Though it was formerly more widespread, the black-fronted piping guan is now found spottily in two general areas. It ranges near the Brazilian coast roughly from Paraná state north to Rio de Janeiro and also in Argentina's far northeastern Misiones Province and adjacent eastern Paraguay. It is the only piping guan in this range though formerly it overlapped a small amount with blue-throated piping guan (P. cumanensis) in Paraguay. It inhabits several types of Atlantic Forest including evergreen, gallery, and coastal. It is almost always found in mature primary forest though also in older secondary forest and restinga. In elevation it formerly ranged from sea level as high as 1850 m but now is usually found only below 1000 m

==Behavior==
===Movement===

Some altitudinal and seasonal movements by the black-fronted piping guan have been documented, though the reasons for them are not clear.

===Feeding===

The black-fronted piping guan forages alone, in pairs, or in groups as large as 11, usually in trees but sometimes on the ground. Its diet is primarily fruit, and studies in Brazil have documented 41 species eaten there. It will occasionally eat seeds, buds, insects, and molluscs. It tends to remain in an area of fruiting trees until they are bare.

===Breeding===

The black-fronted piping guan's breeding season appears to span at least August to December based on the dates of observations of displays, eggs, and nestlings. Their nest is a platform made of twigs and stems placed in the fork of a tree. The clutch size is two to four eggs. Almost all incubation is by the female but both sexes provision young.

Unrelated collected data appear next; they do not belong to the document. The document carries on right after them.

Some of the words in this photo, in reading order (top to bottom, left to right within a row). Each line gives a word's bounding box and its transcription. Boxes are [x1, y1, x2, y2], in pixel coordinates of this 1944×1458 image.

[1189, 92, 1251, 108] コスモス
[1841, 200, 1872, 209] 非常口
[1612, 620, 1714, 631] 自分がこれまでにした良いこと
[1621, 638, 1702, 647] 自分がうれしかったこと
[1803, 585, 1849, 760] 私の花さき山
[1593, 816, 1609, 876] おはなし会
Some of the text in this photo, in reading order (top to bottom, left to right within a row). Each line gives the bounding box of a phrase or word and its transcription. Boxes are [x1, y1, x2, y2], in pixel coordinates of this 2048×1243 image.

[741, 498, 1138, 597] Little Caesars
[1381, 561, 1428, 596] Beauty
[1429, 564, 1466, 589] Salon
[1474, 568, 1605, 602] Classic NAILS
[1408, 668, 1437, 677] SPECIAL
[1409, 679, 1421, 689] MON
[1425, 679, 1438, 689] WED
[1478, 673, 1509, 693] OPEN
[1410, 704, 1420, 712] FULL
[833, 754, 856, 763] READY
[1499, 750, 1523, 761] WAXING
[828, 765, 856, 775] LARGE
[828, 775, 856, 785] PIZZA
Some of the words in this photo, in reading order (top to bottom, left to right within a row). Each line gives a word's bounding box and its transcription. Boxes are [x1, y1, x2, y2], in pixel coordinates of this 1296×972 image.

===Vocal and non-vocal sounds===

The black-fronted piping guan's primary vocalization is a "series of thin, rising whistles similar to those of congenerics". Its alarm call is also similar to that of other Pipile but with a more metallic tone. A dusk and dawn wing-whirring display has "two silent wingbeats, a long dry rattle, two more quick wingbeats and finally an even longer rattle".

==Status==

The IUCN assessed the black-fronted piping-guan in 1988 as Threatened, then in 1994 as Vulnerable, and since 2004 as Endangered. Its range and population have been severely reduced by habitat destruction and hunting and it is now rare outside of a few protected areas. Even in protected areas poaching for food and feathers remains a problem.